*Work to be completed*
Omitting every picture, copy the lines from the one that contains "this 1333×1335 image." through the last line of the records below, exactly and with nothing added.

[Records from a data source]
.....

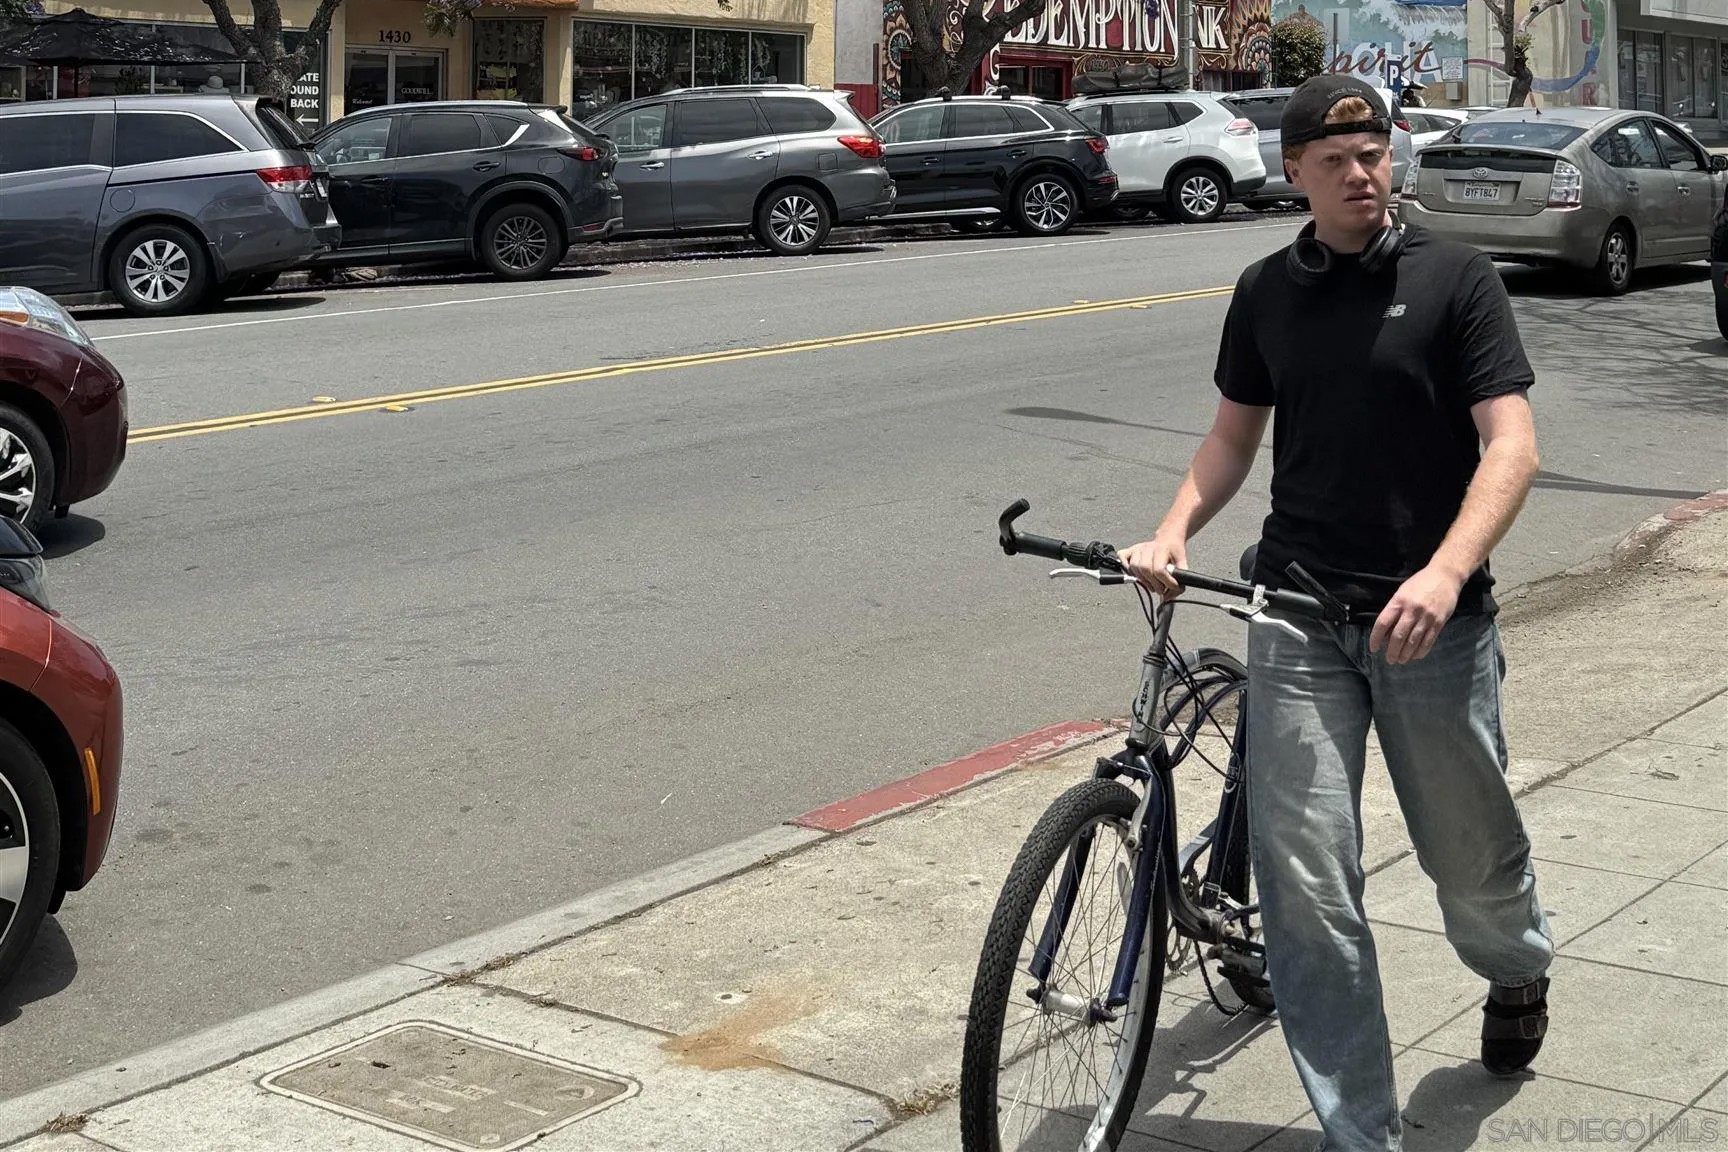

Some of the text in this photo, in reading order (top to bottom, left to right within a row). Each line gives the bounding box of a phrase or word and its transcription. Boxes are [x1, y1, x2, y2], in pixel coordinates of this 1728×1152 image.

[1191, 4, 1229, 48] NK
[379, 30, 411, 44] 1430
[298, 73, 319, 82] ATE
[1390, 65, 1399, 86] P
[291, 86, 319, 95] OUND
[291, 99, 319, 108] BACK
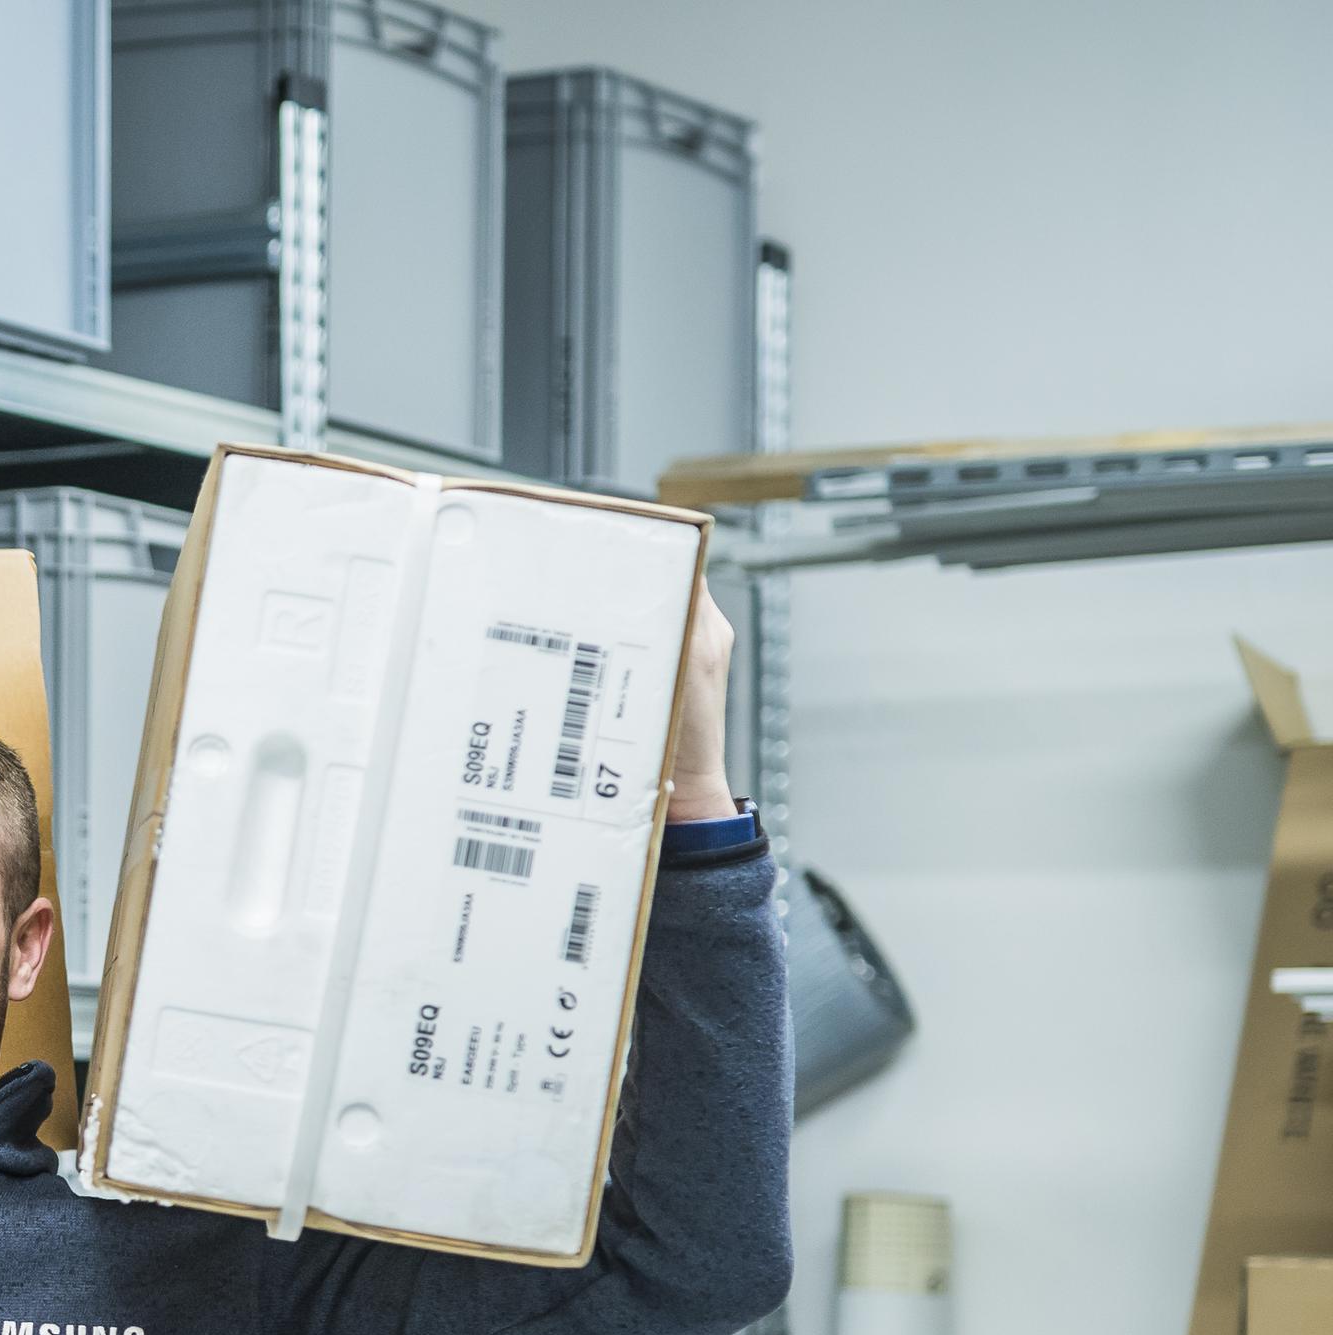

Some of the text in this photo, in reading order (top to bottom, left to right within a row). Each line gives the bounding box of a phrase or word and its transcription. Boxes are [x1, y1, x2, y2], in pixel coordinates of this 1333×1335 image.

[463, 720, 493, 786] S09EQ
[595, 763, 622, 798] 67
[410, 1004, 441, 1076] S09EQ
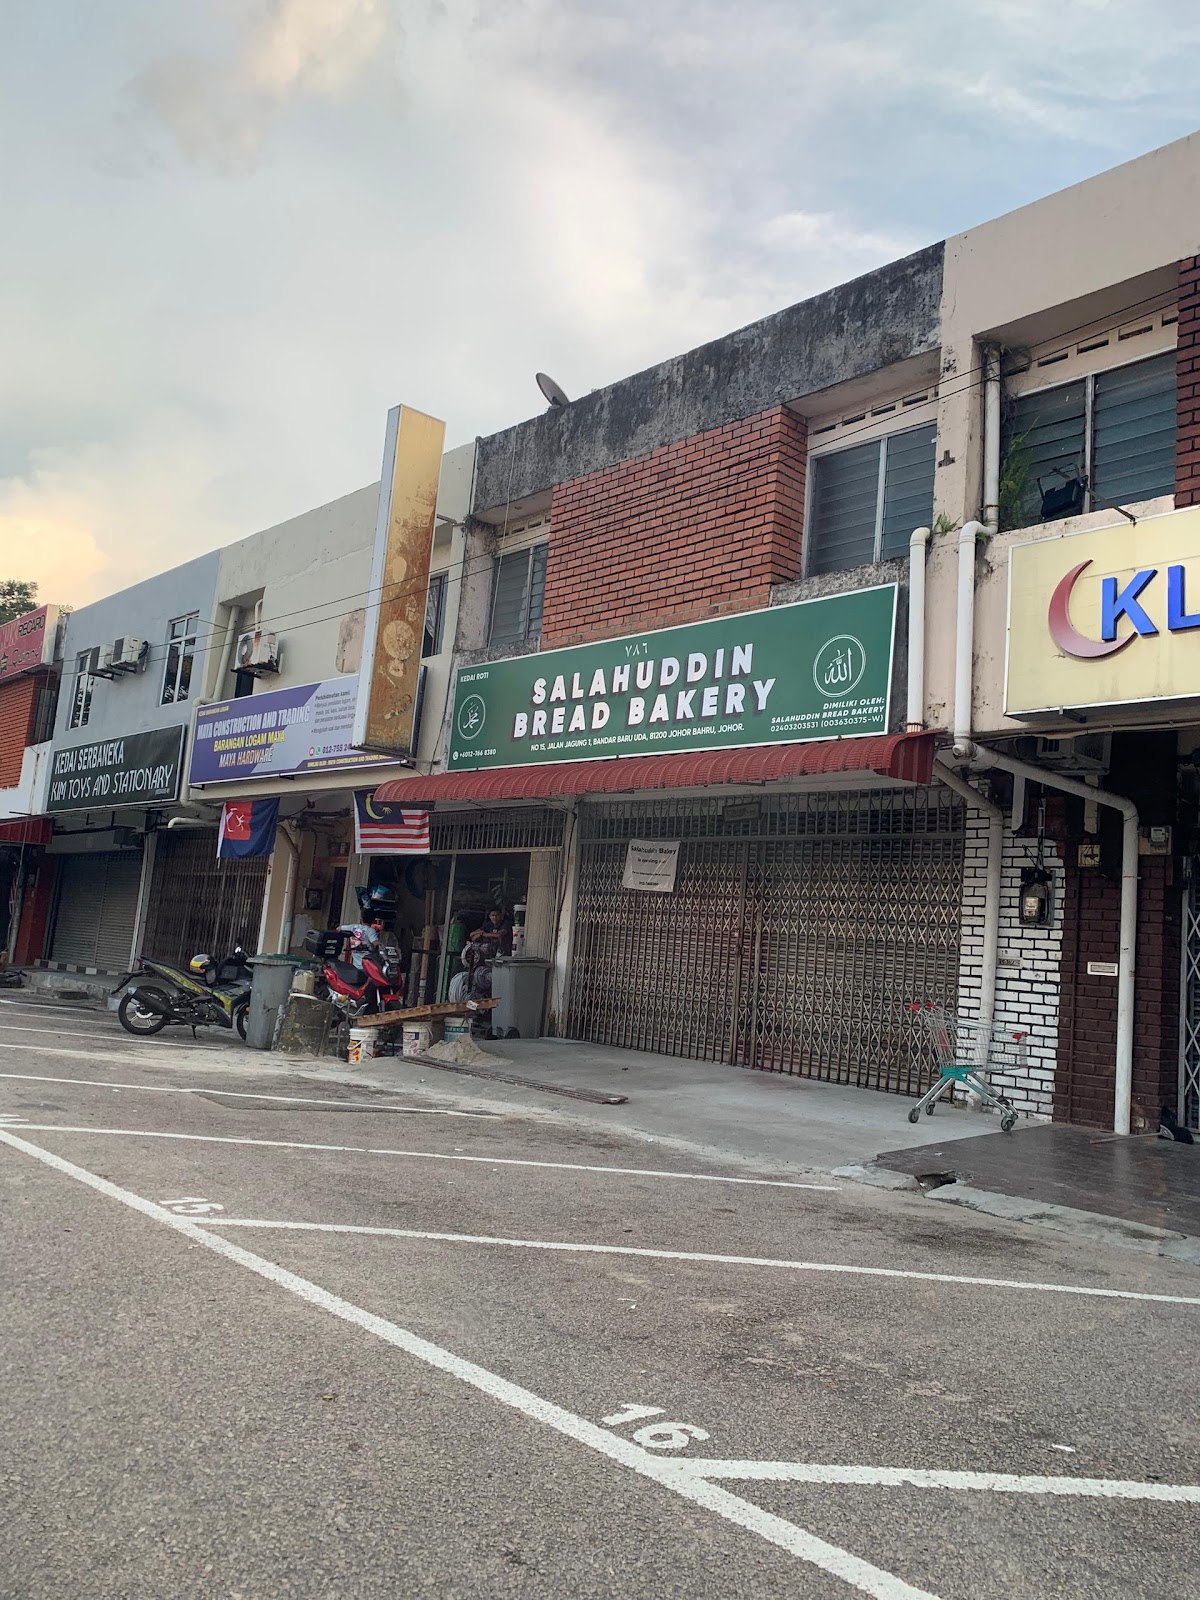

.....

*Result of the exercise*
Some of the text in this photo, in reading order (top to bottom, left to right within a row). Each line gives the bounding box of a phrase or word and its transcription. Boxes are [x1, y1, x2, y2], in pixel coordinates of this 1333×1335 image.

[463, 720, 493, 786] S09EQ
[595, 763, 622, 798] 67
[410, 1004, 441, 1076] S09EQ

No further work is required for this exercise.